An article by Bjørn Lomborg for USA Today.
At 8:30 p.m. on Saturday, people and public places across the globe will switch off their lights for one hour to raise awareness about the impact of energy use on climate change.
Unfortunately, this Earth Hour event is nothing but an ineffective feel-good event. It does little for the climate in terms of reducing CO2 emissions and distracts us from the real problems and solutions — especially giving light to those in the darkness.
While more than a billion people participate by shutting off their lights for an hour — and saving at most the equivalent of China halting its CO2 emissions for fewer than four minutes — 1.3 billion people across the developing world will continue to live without electricity as they do every other night of the year.

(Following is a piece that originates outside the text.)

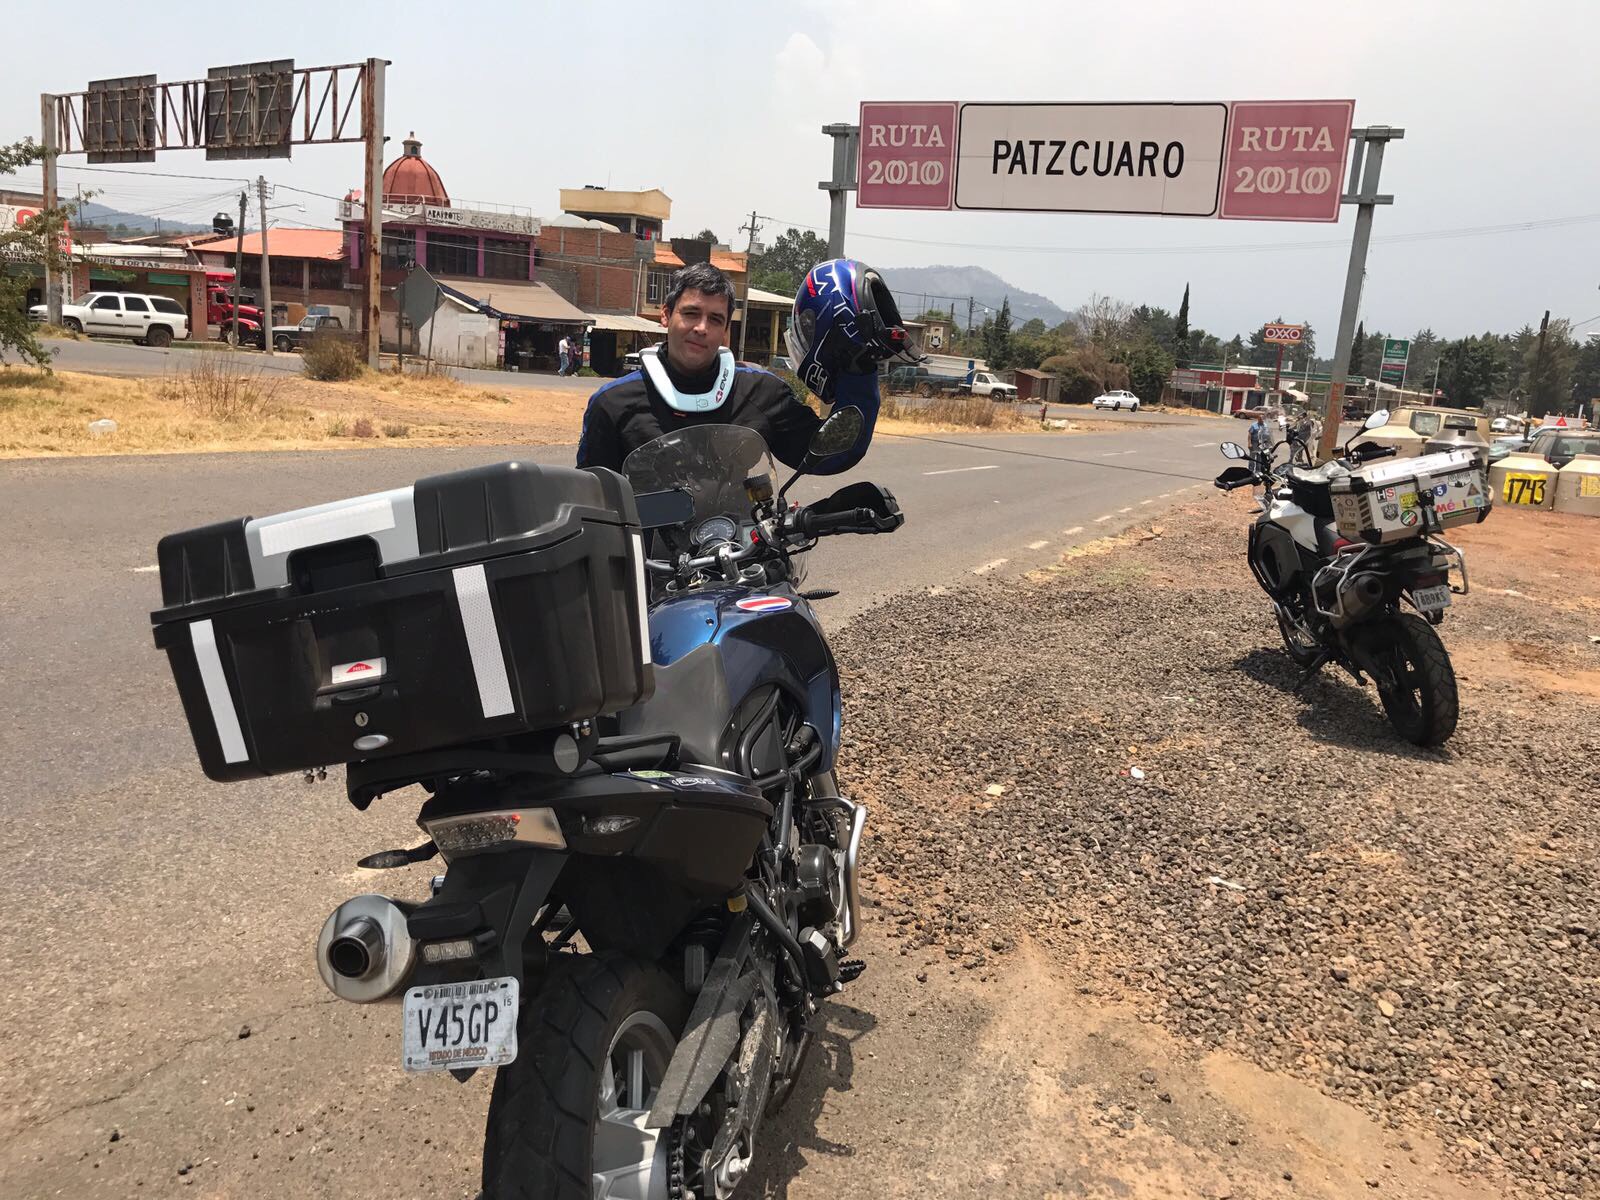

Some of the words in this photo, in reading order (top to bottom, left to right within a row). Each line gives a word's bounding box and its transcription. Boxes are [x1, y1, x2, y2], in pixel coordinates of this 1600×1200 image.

Almost 3 billion people still burn dung, twigs and other traditional fuels indoors to cook and keep warm. These fuels give off noxious fumes that are linked to 4.3 million deaths each year, mostly women and children.
In fact, it was the advent of widespread electrical power that freed us from these harmful practices that still affect large parts of the developing world.
Celebrating darkness signals a turn away from an ever brighter future. This is not just metaphorical because climate policies keep making electricity more expensive. This especially hurts the poor. With electricity prices rising 80% in Germany since 2000, and renewable subsidies of $33 billion this year, 800,000 Germans per year get their power cut off because they can no longer afford to pay the bills.